Exercise prompt: All entries shown below should be duplicated character for character.

Listed entries:
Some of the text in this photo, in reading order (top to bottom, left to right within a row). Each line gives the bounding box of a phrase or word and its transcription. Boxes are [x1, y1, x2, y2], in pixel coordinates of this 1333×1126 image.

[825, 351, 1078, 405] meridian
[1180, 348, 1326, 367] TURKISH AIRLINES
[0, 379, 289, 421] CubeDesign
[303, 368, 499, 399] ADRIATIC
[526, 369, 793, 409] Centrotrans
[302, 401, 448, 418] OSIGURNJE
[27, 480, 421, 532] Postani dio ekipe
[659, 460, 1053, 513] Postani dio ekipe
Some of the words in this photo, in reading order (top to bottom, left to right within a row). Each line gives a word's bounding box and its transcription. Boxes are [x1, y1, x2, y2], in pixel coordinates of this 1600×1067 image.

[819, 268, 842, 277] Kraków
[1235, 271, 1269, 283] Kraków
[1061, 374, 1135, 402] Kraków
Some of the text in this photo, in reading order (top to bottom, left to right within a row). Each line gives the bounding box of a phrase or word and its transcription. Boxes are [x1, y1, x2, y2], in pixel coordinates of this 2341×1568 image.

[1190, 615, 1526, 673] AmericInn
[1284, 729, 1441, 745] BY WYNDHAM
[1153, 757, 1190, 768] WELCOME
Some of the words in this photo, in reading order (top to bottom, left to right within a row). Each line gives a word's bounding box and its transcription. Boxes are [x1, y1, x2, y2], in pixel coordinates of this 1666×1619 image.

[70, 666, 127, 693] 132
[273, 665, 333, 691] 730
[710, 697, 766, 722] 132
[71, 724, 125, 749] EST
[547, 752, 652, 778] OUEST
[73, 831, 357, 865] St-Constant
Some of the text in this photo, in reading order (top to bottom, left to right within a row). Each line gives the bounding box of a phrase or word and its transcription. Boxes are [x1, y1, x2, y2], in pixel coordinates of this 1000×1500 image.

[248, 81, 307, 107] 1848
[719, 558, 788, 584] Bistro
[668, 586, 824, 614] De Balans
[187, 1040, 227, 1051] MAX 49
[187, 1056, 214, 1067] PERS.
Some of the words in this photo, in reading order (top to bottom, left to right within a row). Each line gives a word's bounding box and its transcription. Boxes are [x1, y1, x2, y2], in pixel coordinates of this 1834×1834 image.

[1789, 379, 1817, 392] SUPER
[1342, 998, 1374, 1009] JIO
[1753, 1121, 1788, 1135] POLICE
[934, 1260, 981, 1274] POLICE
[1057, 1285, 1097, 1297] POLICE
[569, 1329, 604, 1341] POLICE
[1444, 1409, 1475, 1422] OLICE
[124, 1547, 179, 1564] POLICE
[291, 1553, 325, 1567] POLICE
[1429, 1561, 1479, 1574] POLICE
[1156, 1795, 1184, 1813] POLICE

Expected answer:
Some of the text in this photo, in reading order (top to bottom, left to right within a row). Each line gives the bounding box of a phrase or word and its transcription. Boxes are [x1, y1, x2, y2], in pixel coordinates of this 1333×1126 image.

[825, 351, 1078, 405] meridian
[1180, 348, 1326, 367] TURKISH AIRLINES
[0, 379, 289, 421] CubeDesign
[303, 368, 499, 399] ADRIATIC
[526, 369, 793, 409] Centrotrans
[302, 401, 448, 418] OSIGURNJE
[27, 480, 421, 532] Postani dio ekipe
[659, 460, 1053, 513] Postani dio ekipe
Some of the words in this photo, in reading order (top to bottom, left to right within a row). Each line gives a word's bounding box and its transcription. Boxes are [x1, y1, x2, y2], in pixel coordinates of this 1600×1067 image.

[819, 268, 842, 277] Kraków
[1235, 271, 1269, 283] Kraków
[1061, 374, 1135, 402] Kraków
Some of the text in this photo, in reading order (top to bottom, left to right within a row). Each line gives the bounding box of a phrase or word and its transcription. Boxes are [x1, y1, x2, y2], in pixel coordinates of this 2341×1568 image.

[1190, 615, 1526, 673] AmericInn
[1284, 729, 1441, 745] BY WYNDHAM
[1153, 757, 1190, 768] WELCOME
Some of the words in this photo, in reading order (top to bottom, left to right within a row). Each line gives a word's bounding box and its transcription. Boxes are [x1, y1, x2, y2], in pixel coordinates of this 1666×1619 image.

[70, 666, 127, 693] 132
[273, 665, 333, 691] 730
[710, 697, 766, 722] 132
[71, 724, 125, 749] EST
[547, 752, 652, 778] OUEST
[73, 831, 357, 865] St-Constant
Some of the text in this photo, in reading order (top to bottom, left to right within a row). Each line gives the bounding box of a phrase or word and its transcription. Boxes are [x1, y1, x2, y2], in pixel coordinates of this 1000×1500 image.

[248, 81, 307, 107] 1848
[719, 558, 788, 584] Bistro
[668, 586, 824, 614] De Balans
[187, 1040, 227, 1051] MAX 49
[187, 1056, 214, 1067] PERS.
Some of the words in this photo, in reading order (top to bottom, left to right within a row). Each line gives a word's bounding box and its transcription. Boxes are [x1, y1, x2, y2], in pixel coordinates of this 1834×1834 image.

[1789, 379, 1817, 392] SUPER
[1342, 998, 1374, 1009] JIO
[1753, 1121, 1788, 1135] POLICE
[934, 1260, 981, 1274] POLICE
[1057, 1285, 1097, 1297] POLICE
[569, 1329, 604, 1341] POLICE
[1444, 1409, 1475, 1422] OLICE
[124, 1547, 179, 1564] POLICE
[291, 1553, 325, 1567] POLICE
[1429, 1561, 1479, 1574] POLICE
[1156, 1795, 1184, 1813] POLICE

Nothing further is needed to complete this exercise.